### Task brief:
Write out the records once more, exactly as given.

##### Data shown #####

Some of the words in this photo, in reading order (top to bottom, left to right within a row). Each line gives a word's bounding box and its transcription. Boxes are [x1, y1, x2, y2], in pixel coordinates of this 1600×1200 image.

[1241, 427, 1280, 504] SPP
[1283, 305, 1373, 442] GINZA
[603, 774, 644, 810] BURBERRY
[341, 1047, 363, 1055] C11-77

#####

### Response area:
Some of the words in this photo, in reading order (top to bottom, left to right within a row). Each line gives a word's bounding box and its transcription. Boxes are [x1, y1, x2, y2], in pixel coordinates of this 1600×1200 image.

[1241, 427, 1280, 504] SPP
[1283, 305, 1373, 442] GINZA
[603, 774, 644, 810] BURBERRY
[341, 1047, 363, 1055] C11-77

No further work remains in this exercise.